### What is required
Each entry that follows should be set down precisely, with its pictures removed.

### Input data
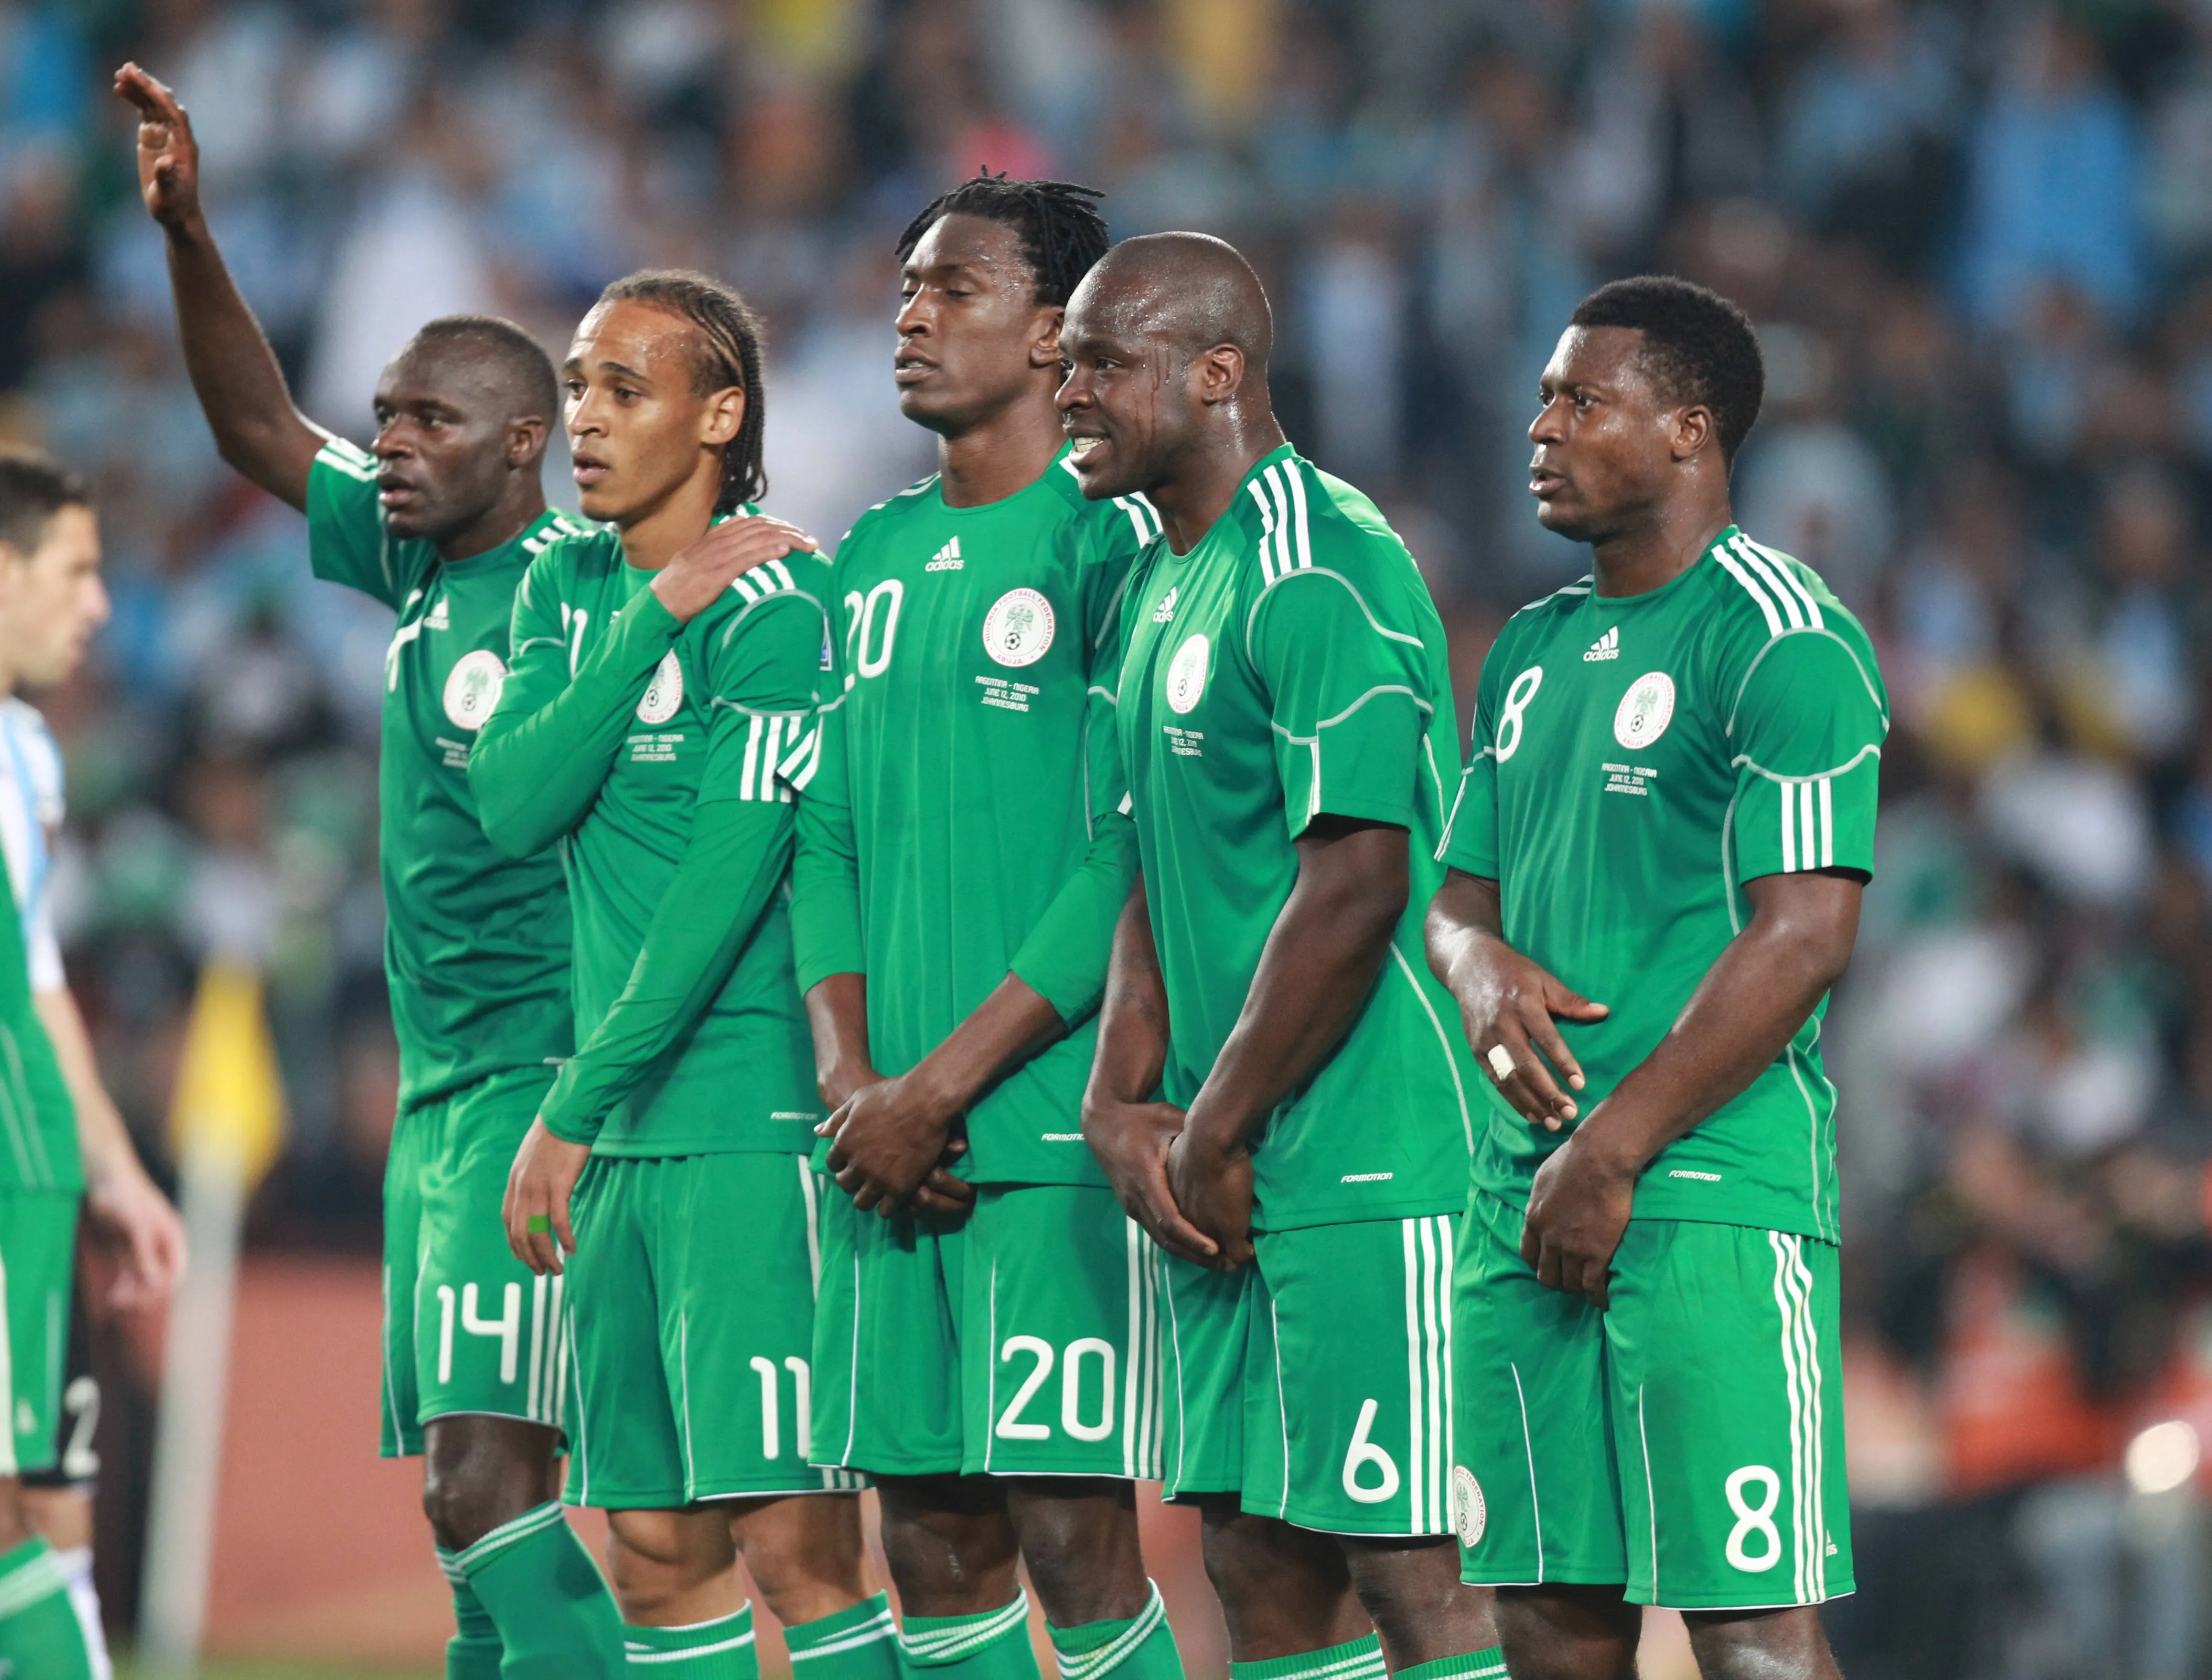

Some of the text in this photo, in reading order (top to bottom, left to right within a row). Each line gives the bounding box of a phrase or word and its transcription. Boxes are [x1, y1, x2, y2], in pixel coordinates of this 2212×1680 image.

[925, 558, 964, 572] adidas
[844, 579, 904, 692] 20
[985, 590, 1054, 651] NIGERIA FOOTBALL FEDERATION
[996, 654, 1023, 665] ABUJA
[1583, 648, 1620, 662] adidas
[984, 687, 1001, 697] JUNE
[1010, 692, 1027, 702] 2010
[1013, 682, 1040, 695] NIGERIA
[1496, 665, 1543, 764] 8
[1623, 738, 1643, 747] ABUJA
[1340, 1172, 1393, 1183] FORMOTION
[1668, 1169, 1722, 1182] FORMOTION
[437, 1281, 521, 1384] 14
[749, 1355, 810, 1460] 11
[995, 1335, 1116, 1441] 20
[1342, 1398, 1400, 1504] 6
[1466, 1472, 1485, 1526] FEDERATION
[1725, 1464, 1781, 1573] 8

### Written answer
Some of the text in this photo, in reading order (top to bottom, left to right within a row). Each line gives the bounding box of a phrase or word and its transcription. Boxes are [x1, y1, x2, y2], in pixel coordinates of this 2212×1680 image.

[925, 558, 964, 572] adidas
[844, 579, 904, 692] 20
[985, 590, 1054, 651] NIGERIA FOOTBALL FEDERATION
[996, 654, 1023, 665] ABUJA
[1583, 648, 1620, 662] adidas
[984, 687, 1001, 697] JUNE
[1010, 692, 1027, 702] 2010
[1013, 682, 1040, 695] NIGERIA
[1496, 665, 1543, 764] 8
[1623, 738, 1643, 747] ABUJA
[1340, 1172, 1393, 1183] FORMOTION
[1668, 1169, 1722, 1182] FORMOTION
[437, 1281, 521, 1384] 14
[749, 1355, 810, 1460] 11
[995, 1335, 1116, 1441] 20
[1342, 1398, 1400, 1504] 6
[1466, 1472, 1485, 1526] FEDERATION
[1725, 1464, 1781, 1573] 8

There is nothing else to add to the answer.